Federal Territories Solid Waste Management and Public Cleansing Corporation (SWCorp) director Ummi Kalthum Shuib said the enforcement, in line with the Solid Waste and Public Cleansing Management Act 2007 (Act 672) which makes it mandatory for waste segregation at source, has started this year.

For non-landed properties, the compound will be issued to the joint management bodies (JMBs) or management committees (MCs) at RM100 for the first offence, RM200 for the second, and RM500 for the third.

For landed properties, the premises owners will be liable for a compound of RM50 for the first offence, RM100 for the second and RM500 for the third.

If the compound is not paid, one can be prosecuted and those found guilty can be fined up to RM10,000.

For the fourth and subsequent offences, no compound will be issued and offenders will be prosecuted in court.

“We are doing enforcement and engagements. A letter of instruction or non-compliance will be given to JMBs and MCs and they have to ensure that they adhere to all instructions of improvement.

“If the JMBs or MCs fail to do so, compound will be issued,” she said when contacted.

Ummi Kalthum added that the Federal Territories SWCorp will decide whether to compound if the JMBs and MCs do not make enough arrangements to promote separation at source (SAS).

The Federal Territories of Kuala Lumpur and Putrajaya are among those that have adopted Act 672, along with Pahang, Johor, Melaka, Negri Sembilan, Perlis and Kedah.

Besides facing punishment for failing to implement SAS, JMBs and MCs can also be fined not more than RM1,000 for offences such as failing to provide a waste disposal facility of sufficient size for all residents, failing to maintain waste disposal facilities such as waste chutes and refuse rooms, or failing to ensure that all residents dispose of their household solid waste at the designated areas.

Ummi Kalthum said stricter enforcement is crucial to reduce the amount of waste being sent to the landfills.

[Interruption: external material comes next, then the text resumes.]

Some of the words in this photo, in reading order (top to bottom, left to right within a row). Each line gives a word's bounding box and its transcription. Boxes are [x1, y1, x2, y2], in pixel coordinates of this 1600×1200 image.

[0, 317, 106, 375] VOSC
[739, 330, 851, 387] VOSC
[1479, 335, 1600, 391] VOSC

Federal Territories SWCorp data revealed that for Kuala Lumpur, over 99% of waste ended up on the landfill and less than 1% is recycled.

This is according to the data on waste collected at the Kuala Lumpur Transfer Station before being send to Bukit Tagar Landfill in Selangor.

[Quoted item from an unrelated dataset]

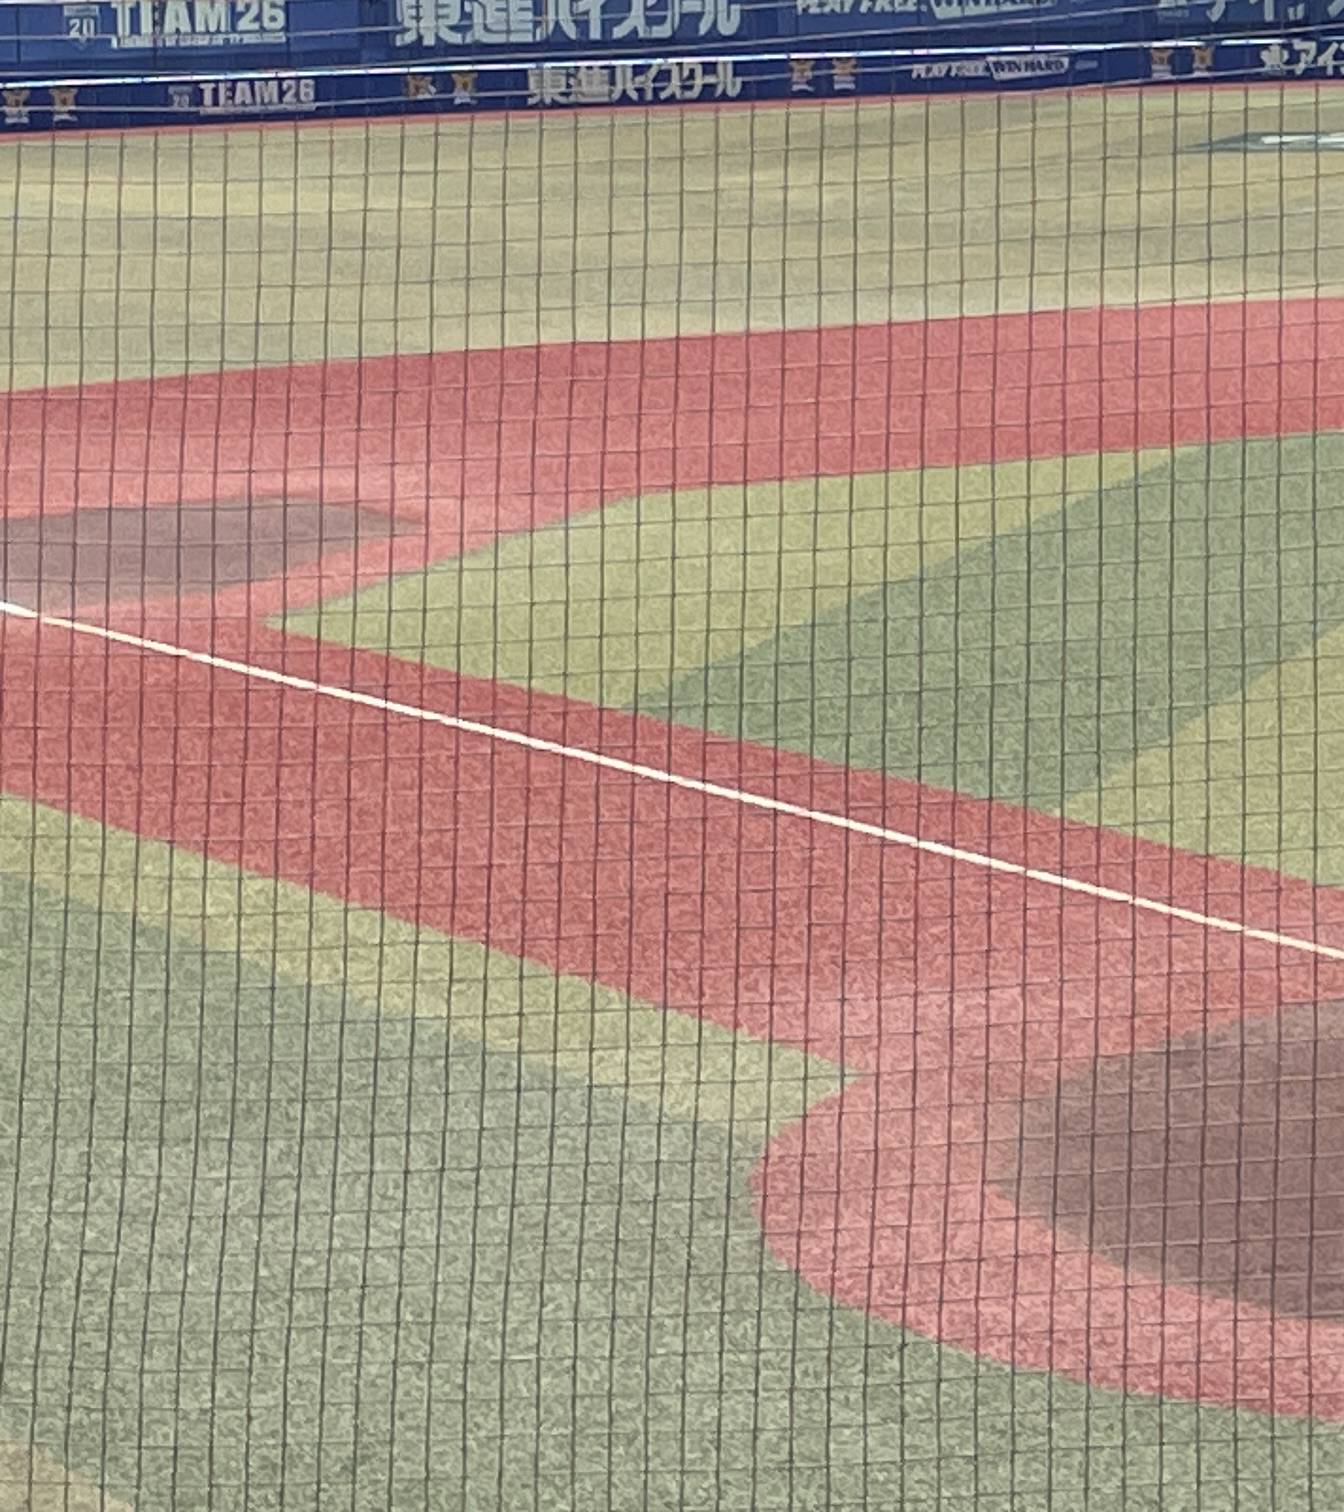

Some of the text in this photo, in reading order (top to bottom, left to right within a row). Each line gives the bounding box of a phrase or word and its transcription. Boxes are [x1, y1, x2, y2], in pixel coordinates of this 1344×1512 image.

[527, 58, 742, 105] 東進ハイスクール

From January to November 2023, of the 772, 347 tonnes of waste collected, only 1,292 tonnes, or 0.17% was recycled, while the remaining 99.83% was sent to the landfill.

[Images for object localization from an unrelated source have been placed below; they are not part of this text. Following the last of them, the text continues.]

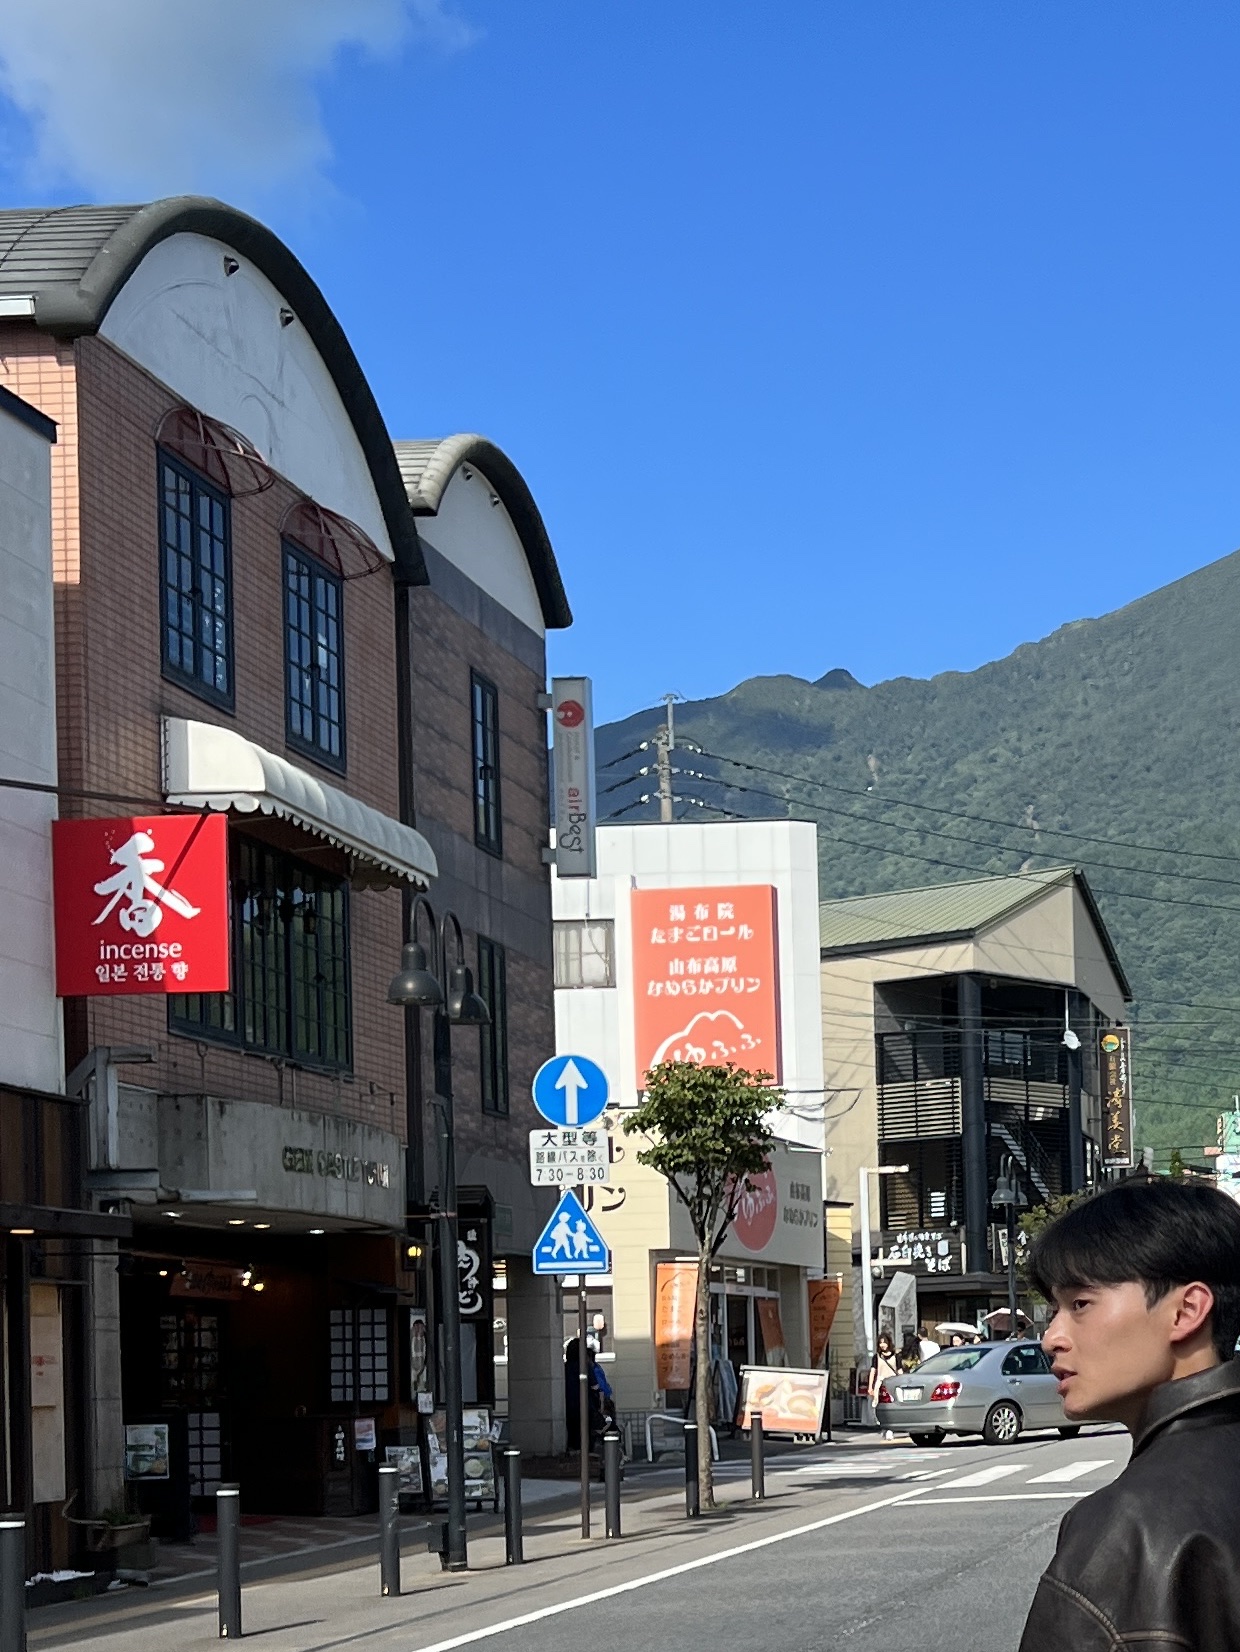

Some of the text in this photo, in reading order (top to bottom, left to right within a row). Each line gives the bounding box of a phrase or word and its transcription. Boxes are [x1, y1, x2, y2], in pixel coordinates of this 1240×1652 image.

[91, 828, 201, 938] 香
[669, 902, 735, 922] 湯布院
[651, 924, 755, 944] たまごロール
[99, 939, 183, 960] incense
[95, 963, 129, 983] 일본
[133, 962, 166, 982] 전통
[647, 976, 762, 998] なめらかプリン
[541, 1131, 598, 1147] 大型等
[535, 1149, 604, 1164] 路線バスを除く

This showed an incremental improvement from the previous years.

In 2022, 99.85% out of the 799,079 tonnes of waste collected were sent to the landfill, compared to 99.88% out of 772,234 tonnes in 2021, 99.96% out of 752,157 tonnes in 2020 and 99.98% out of 833,910 tonnes in 2019.As there are no landfills in Kuala Lumpur and Putrajaya, waste from Kuala Lumpur is sent to the Bukit Tagar Landfill in Selangor while waste from Putrajaya is sent to the Tanjung 12 Landfill in Dengkil, Selangor.

Both are sanitary landfills, or disposal sites with technology for treating wastewater and disposed solid waste.

Ummi Kalthum said that some RM2bil a year is spent by the government for waste management and public cleansing at the seven states that adopted Act 672 while RM200mil per annum is paid for tipping fees and waste treatment plants.

Retiree Joyce Kwan, 64, said she supported the move to compound JMBs and MCs that fail to implement SAS as she has been advocating for recycling to be done at her condominium.

“I’ve written many times to the management to implement recycling as currently, it is voluntary and so few residents bother to separate their waste.

“With this strict enforcement by the authorities, hopefully the condo management will get to task to make residents separate their waste as I’m sure the JMBs and MCs do not want to be fined,” said Kwan.

A business owner, who only wanted to be known as Rahman, 37, also agreed that issuing a compound to those who fail to separate their waste was the right move.

“Recycling is a norm in many developed countries. We cannot advance as a nation if people enjoy living in filth and do not care about the environment,” said Rahman, who lives in landed property in Kuala Lumpur.